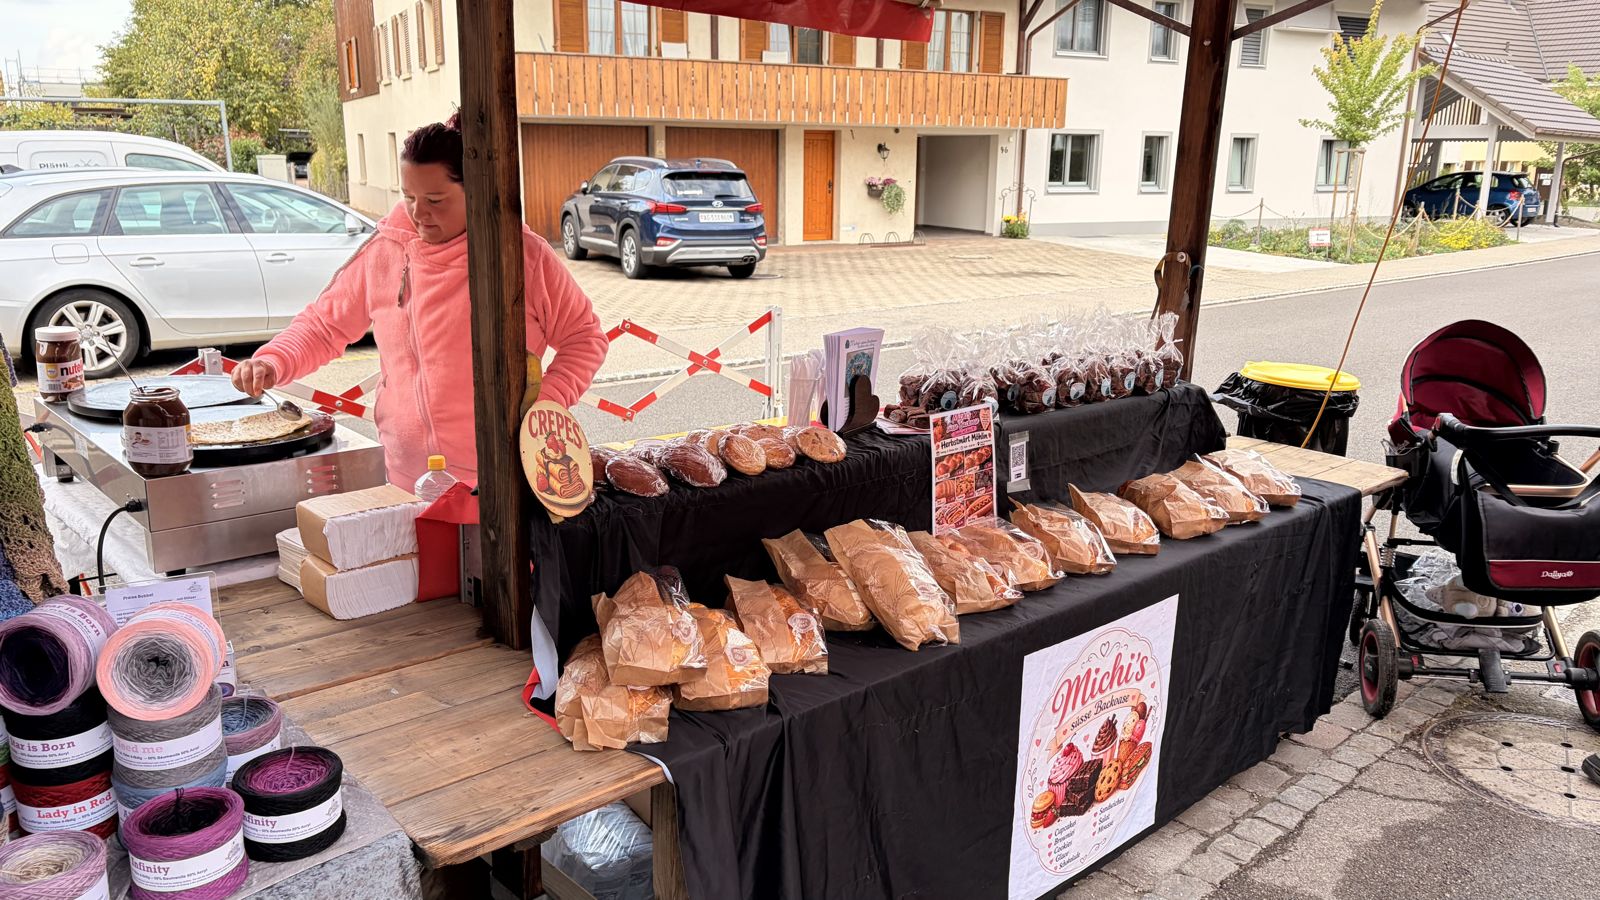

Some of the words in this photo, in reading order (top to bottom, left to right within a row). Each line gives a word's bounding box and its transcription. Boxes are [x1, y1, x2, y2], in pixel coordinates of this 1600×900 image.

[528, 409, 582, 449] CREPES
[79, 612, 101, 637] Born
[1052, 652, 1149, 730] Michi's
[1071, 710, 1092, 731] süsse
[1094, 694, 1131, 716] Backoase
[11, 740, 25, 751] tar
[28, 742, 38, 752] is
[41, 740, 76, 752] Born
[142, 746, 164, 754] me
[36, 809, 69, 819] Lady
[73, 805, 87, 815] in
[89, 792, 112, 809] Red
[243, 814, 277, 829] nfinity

*WHAT YOU NEED TO DO*:
Go through the lines above and write each one out verbatim, skipping the pictures.

*OUTPUT*:
Some of the words in this photo, in reading order (top to bottom, left to right within a row). Each line gives a word's bounding box and its transcription. Boxes are [x1, y1, x2, y2], in pixel coordinates of this 1600×900 image.

[528, 409, 582, 449] CREPES
[79, 612, 101, 637] Born
[1052, 652, 1149, 730] Michi's
[1071, 710, 1092, 731] süsse
[1094, 694, 1131, 716] Backoase
[11, 740, 25, 751] tar
[28, 742, 38, 752] is
[41, 740, 76, 752] Born
[142, 746, 164, 754] me
[36, 809, 69, 819] Lady
[73, 805, 87, 815] in
[89, 792, 112, 809] Red
[243, 814, 277, 829] nfinity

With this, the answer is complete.